### Task description
Each record must appear in your answer exactly as it does below.

### Material for this exercise

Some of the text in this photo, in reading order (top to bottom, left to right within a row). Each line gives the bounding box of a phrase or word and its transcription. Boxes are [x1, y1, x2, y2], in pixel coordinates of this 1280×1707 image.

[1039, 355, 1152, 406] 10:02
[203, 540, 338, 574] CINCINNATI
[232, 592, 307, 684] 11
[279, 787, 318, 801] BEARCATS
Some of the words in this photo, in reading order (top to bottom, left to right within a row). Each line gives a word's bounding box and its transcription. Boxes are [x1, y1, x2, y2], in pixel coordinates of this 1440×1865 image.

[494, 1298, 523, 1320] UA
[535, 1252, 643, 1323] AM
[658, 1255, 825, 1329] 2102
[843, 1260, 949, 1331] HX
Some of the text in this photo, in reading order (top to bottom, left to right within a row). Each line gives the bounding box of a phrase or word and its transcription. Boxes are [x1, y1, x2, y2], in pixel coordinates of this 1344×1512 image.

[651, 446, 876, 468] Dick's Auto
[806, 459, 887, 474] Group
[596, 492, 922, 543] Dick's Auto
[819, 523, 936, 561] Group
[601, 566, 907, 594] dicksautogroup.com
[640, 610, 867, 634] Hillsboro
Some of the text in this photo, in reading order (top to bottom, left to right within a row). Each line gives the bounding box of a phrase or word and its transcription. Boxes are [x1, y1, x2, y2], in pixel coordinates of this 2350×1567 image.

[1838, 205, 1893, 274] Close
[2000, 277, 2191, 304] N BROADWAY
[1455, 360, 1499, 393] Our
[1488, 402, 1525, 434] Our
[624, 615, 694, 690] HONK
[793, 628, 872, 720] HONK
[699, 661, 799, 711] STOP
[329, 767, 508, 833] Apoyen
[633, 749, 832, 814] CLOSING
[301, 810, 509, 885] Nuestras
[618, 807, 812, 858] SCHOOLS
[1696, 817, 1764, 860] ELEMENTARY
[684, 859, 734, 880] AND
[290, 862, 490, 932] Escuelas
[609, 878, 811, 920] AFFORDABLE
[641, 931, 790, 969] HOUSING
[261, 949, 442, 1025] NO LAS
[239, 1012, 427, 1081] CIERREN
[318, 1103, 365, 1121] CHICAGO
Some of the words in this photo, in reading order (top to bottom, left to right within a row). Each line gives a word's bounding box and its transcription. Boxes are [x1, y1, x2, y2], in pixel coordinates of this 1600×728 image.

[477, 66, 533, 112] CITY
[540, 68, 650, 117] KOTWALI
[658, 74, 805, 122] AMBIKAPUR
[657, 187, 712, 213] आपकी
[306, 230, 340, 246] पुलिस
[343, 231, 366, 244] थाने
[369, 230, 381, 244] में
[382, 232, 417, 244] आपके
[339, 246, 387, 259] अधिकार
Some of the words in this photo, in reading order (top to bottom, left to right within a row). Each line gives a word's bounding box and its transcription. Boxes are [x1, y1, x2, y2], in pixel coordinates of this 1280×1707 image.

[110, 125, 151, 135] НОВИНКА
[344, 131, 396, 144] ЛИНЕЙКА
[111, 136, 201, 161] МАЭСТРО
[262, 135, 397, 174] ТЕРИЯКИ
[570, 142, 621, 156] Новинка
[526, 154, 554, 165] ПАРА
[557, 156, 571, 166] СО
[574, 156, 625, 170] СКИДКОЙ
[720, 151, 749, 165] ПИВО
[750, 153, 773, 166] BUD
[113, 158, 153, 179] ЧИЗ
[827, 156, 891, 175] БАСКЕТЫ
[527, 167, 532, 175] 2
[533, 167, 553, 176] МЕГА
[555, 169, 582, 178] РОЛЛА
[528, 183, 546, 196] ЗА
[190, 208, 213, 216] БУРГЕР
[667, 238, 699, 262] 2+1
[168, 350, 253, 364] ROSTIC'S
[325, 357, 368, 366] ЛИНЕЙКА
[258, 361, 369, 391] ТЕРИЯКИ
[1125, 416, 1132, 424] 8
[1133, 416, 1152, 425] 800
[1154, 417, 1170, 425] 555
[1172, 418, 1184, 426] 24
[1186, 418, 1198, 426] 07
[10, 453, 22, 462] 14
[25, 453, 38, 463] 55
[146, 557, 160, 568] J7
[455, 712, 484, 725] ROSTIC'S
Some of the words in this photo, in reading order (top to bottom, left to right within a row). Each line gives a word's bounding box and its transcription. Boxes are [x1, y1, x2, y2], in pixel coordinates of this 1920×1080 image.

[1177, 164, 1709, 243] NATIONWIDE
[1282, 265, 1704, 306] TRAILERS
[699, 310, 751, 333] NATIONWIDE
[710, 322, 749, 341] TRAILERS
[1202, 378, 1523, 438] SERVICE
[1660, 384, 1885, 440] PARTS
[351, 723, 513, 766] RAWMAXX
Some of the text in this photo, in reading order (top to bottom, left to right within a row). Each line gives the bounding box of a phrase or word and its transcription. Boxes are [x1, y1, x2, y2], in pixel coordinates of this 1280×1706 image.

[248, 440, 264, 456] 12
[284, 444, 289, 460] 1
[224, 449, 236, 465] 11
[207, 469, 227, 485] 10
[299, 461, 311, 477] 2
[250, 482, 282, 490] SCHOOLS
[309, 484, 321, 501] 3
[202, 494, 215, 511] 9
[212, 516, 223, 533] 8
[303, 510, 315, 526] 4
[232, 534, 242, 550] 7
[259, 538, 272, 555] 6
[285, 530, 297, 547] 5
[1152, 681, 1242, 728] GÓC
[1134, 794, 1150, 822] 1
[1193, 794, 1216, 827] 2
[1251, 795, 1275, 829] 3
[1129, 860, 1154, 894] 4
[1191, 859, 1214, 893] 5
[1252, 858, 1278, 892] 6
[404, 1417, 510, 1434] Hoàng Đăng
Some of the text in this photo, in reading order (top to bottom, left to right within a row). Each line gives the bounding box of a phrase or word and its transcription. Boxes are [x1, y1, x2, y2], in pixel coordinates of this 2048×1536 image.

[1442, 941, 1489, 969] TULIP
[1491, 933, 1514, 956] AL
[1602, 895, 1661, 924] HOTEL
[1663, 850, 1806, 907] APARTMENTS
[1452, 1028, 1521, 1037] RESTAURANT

### Output for this exercise
Some of the text in this photo, in reading order (top to bottom, left to right within a row). Each line gives the bounding box of a phrase or word and its transcription. Boxes are [x1, y1, x2, y2], in pixel coordinates of this 1280×1707 image.

[1039, 355, 1152, 406] 10:02
[203, 540, 338, 574] CINCINNATI
[232, 592, 307, 684] 11
[279, 787, 318, 801] BEARCATS
Some of the words in this photo, in reading order (top to bottom, left to right within a row). Each line gives a word's bounding box and its transcription. Boxes are [x1, y1, x2, y2], in pixel coordinates of this 1440×1865 image.

[494, 1298, 523, 1320] UA
[535, 1252, 643, 1323] AM
[658, 1255, 825, 1329] 2102
[843, 1260, 949, 1331] HX
Some of the text in this photo, in reading order (top to bottom, left to right within a row). Each line gives the bounding box of a phrase or word and its transcription. Boxes are [x1, y1, x2, y2], in pixel coordinates of this 1344×1512 image.

[651, 446, 876, 468] Dick's Auto
[806, 459, 887, 474] Group
[596, 492, 922, 543] Dick's Auto
[819, 523, 936, 561] Group
[601, 566, 907, 594] dicksautogroup.com
[640, 610, 867, 634] Hillsboro
Some of the text in this photo, in reading order (top to bottom, left to right within a row). Each line gives the bounding box of a phrase or word and its transcription. Boxes are [x1, y1, x2, y2], in pixel coordinates of this 2350×1567 image.

[1838, 205, 1893, 274] Close
[2000, 277, 2191, 304] N BROADWAY
[1455, 360, 1499, 393] Our
[1488, 402, 1525, 434] Our
[624, 615, 694, 690] HONK
[793, 628, 872, 720] HONK
[699, 661, 799, 711] STOP
[329, 767, 508, 833] Apoyen
[633, 749, 832, 814] CLOSING
[301, 810, 509, 885] Nuestras
[618, 807, 812, 858] SCHOOLS
[1696, 817, 1764, 860] ELEMENTARY
[684, 859, 734, 880] AND
[290, 862, 490, 932] Escuelas
[609, 878, 811, 920] AFFORDABLE
[641, 931, 790, 969] HOUSING
[261, 949, 442, 1025] NO LAS
[239, 1012, 427, 1081] CIERREN
[318, 1103, 365, 1121] CHICAGO
Some of the words in this photo, in reading order (top to bottom, left to right within a row). Each line gives a word's bounding box and its transcription. Boxes are [x1, y1, x2, y2], in pixel coordinates of this 1600×728 image.

[477, 66, 533, 112] CITY
[540, 68, 650, 117] KOTWALI
[658, 74, 805, 122] AMBIKAPUR
[657, 187, 712, 213] आपकी
[306, 230, 340, 246] पुलिस
[343, 231, 366, 244] थाने
[369, 230, 381, 244] में
[382, 232, 417, 244] आपके
[339, 246, 387, 259] अधिकार
Some of the words in this photo, in reading order (top to bottom, left to right within a row). Each line gives a word's bounding box and its transcription. Boxes are [x1, y1, x2, y2], in pixel coordinates of this 1280×1707 image.

[110, 125, 151, 135] НОВИНКА
[344, 131, 396, 144] ЛИНЕЙКА
[111, 136, 201, 161] МАЭСТРО
[262, 135, 397, 174] ТЕРИЯКИ
[570, 142, 621, 156] Новинка
[526, 154, 554, 165] ПАРА
[557, 156, 571, 166] СО
[574, 156, 625, 170] СКИДКОЙ
[720, 151, 749, 165] ПИВО
[750, 153, 773, 166] BUD
[113, 158, 153, 179] ЧИЗ
[827, 156, 891, 175] БАСКЕТЫ
[527, 167, 532, 175] 2
[533, 167, 553, 176] МЕГА
[555, 169, 582, 178] РОЛЛА
[528, 183, 546, 196] ЗА
[190, 208, 213, 216] БУРГЕР
[667, 238, 699, 262] 2+1
[168, 350, 253, 364] ROSTIC'S
[325, 357, 368, 366] ЛИНЕЙКА
[258, 361, 369, 391] ТЕРИЯКИ
[1125, 416, 1132, 424] 8
[1133, 416, 1152, 425] 800
[1154, 417, 1170, 425] 555
[1172, 418, 1184, 426] 24
[1186, 418, 1198, 426] 07
[10, 453, 22, 462] 14
[25, 453, 38, 463] 55
[146, 557, 160, 568] J7
[455, 712, 484, 725] ROSTIC'S
Some of the words in this photo, in reading order (top to bottom, left to right within a row). Each line gives a word's bounding box and its transcription. Boxes are [x1, y1, x2, y2], in pixel coordinates of this 1920×1080 image.

[1177, 164, 1709, 243] NATIONWIDE
[1282, 265, 1704, 306] TRAILERS
[699, 310, 751, 333] NATIONWIDE
[710, 322, 749, 341] TRAILERS
[1202, 378, 1523, 438] SERVICE
[1660, 384, 1885, 440] PARTS
[351, 723, 513, 766] RAWMAXX
Some of the text in this photo, in reading order (top to bottom, left to right within a row). Each line gives the bounding box of a phrase or word and its transcription. Boxes are [x1, y1, x2, y2], in pixel coordinates of this 1280×1706 image.

[248, 440, 264, 456] 12
[284, 444, 289, 460] 1
[224, 449, 236, 465] 11
[207, 469, 227, 485] 10
[299, 461, 311, 477] 2
[250, 482, 282, 490] SCHOOLS
[309, 484, 321, 501] 3
[202, 494, 215, 511] 9
[212, 516, 223, 533] 8
[303, 510, 315, 526] 4
[232, 534, 242, 550] 7
[259, 538, 272, 555] 6
[285, 530, 297, 547] 5
[1152, 681, 1242, 728] GÓC
[1134, 794, 1150, 822] 1
[1193, 794, 1216, 827] 2
[1251, 795, 1275, 829] 3
[1129, 860, 1154, 894] 4
[1191, 859, 1214, 893] 5
[1252, 858, 1278, 892] 6
[404, 1417, 510, 1434] Hoàng Đăng
Some of the text in this photo, in reading order (top to bottom, left to right within a row). Each line gives the bounding box of a phrase or word and its transcription. Boxes are [x1, y1, x2, y2], in pixel coordinates of this 2048×1536 image.

[1442, 941, 1489, 969] TULIP
[1491, 933, 1514, 956] AL
[1602, 895, 1661, 924] HOTEL
[1663, 850, 1806, 907] APARTMENTS
[1452, 1028, 1521, 1037] RESTAURANT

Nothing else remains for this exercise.